Josephine mengangguk mengerti. Setelah perbincangan singkat ini, Josephine langsung pergi. Tidak lupa dengan sebuah foto berukuran kecil yang memperlihatkan wajah wanita yang dimaksudkan. Sekitar 5 menit sejak ia meninggalkan taman, tidak jauh dari jaraknya berdiri seorang wanita yang menjadi target itu muncul. Saat Josephine akan menghampiri, langkahnya terhenti saat adegan tidak terduga terjadi. Beberapa anak kecil datang dengan membawa di antaranya membawa cup minuman coklat panas, mereka berlarian hingga tidak memperhatikan sekitaran dan membuat salah satu di antaranya tidak sengaja menabrak wanita dewasa itu.

Josephine mengamati dengan seksama, wanita dewasa itu bahkan tidak marah atau kesal. Wajahnya memperlihatkan senyum ramah, padahal jika diliat dari wajahnya dia bukan berasal dari sini dan sepertinya adalah warga asing yang mungkin sedang berlibur. Anak kecil yang menabrak wanita dewasa itu menangis, beberapa di antaranya terdiam dengan rasa bersalah. Wanita dewasa itu berjongkok, terlihat sedang menenangkan anak kecil yang tidak sengaja menabrak hingga membuat minuman coklat itu mengotori pakaiannya dan menjelaskan kepada yang lain jika dia merasa baik-baik saja.
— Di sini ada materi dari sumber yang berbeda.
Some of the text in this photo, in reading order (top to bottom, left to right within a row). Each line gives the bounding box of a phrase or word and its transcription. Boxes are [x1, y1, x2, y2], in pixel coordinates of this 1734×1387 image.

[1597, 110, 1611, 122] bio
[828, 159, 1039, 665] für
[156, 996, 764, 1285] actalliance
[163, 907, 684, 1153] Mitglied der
Lalu tidak berselang lama, wanita dewasa itu berjalan dengan beberapa anak kecil itu menuju kedai es krim yang ada di samping mini market. Josephine menunggu sampai mereka keluar dan wanita dewasa itu masuk ke dalam mini market. Saat ia hendak masuk ke mini market untuk menyusul wanita dewasa itu, Josephine memperhatikan dengan seksama coklat yang ia bawa. Tanpa banyak bicara, ia memakan coklat yang diberikan oleh seorang wanita yang menyuruhnya tadi. Untung saja, ia memiliki coklat cadangan yang memang selalu ia bawa beberapa di saku celananya. Karena memang Josephine sangat suka dengan coklat. Setidaknya dalam satu hari, ia harus memakan 5 bungkus coklat berukuran kecil.

Lagipula, Nyonya Admaja—wanita yang menyuruhnya tadi sangat mencurigakan. Josephine hanya takut jika coklat dari dia akan melukai wanita dewasa yang baik itu.
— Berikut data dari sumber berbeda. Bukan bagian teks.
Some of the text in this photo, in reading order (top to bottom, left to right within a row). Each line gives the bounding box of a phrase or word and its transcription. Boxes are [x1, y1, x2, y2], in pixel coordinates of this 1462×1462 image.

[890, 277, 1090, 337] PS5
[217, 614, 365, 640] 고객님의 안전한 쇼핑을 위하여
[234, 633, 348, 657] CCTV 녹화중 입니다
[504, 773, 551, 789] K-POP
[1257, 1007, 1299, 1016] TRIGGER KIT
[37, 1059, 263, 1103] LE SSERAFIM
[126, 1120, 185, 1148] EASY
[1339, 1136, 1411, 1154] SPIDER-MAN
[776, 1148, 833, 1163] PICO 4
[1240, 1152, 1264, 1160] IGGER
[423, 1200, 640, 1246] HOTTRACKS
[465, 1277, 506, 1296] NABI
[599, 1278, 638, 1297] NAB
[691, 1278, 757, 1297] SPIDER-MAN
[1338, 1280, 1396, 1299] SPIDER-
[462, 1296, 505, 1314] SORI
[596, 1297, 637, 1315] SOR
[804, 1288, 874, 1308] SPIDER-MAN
Setelah memberikan coklatnya, Josephine langsung lari pergi meskipun wanita itu memanggilnya dan kembali ke taman untuk menemui seseorang yang akan memberinya fee. Tentu saja Josephine akan tetap meminta upahnya, meskipun ia tidak benar-benar memberikan coklat itu. Saat sudah sampai di taman, Josephine langsung ke tempat pertama di mana ia bertemu dengan wanita bernama Kirana. Lalu tidak jauh dari tempatnya seorang wanita dengan ciri-ciri yang dimaksud dan wajahnya yang terlihat sama itu duduk di sebuah bangku taman sembari menikmati rokoknya, seperti sedang menunggu seseorang.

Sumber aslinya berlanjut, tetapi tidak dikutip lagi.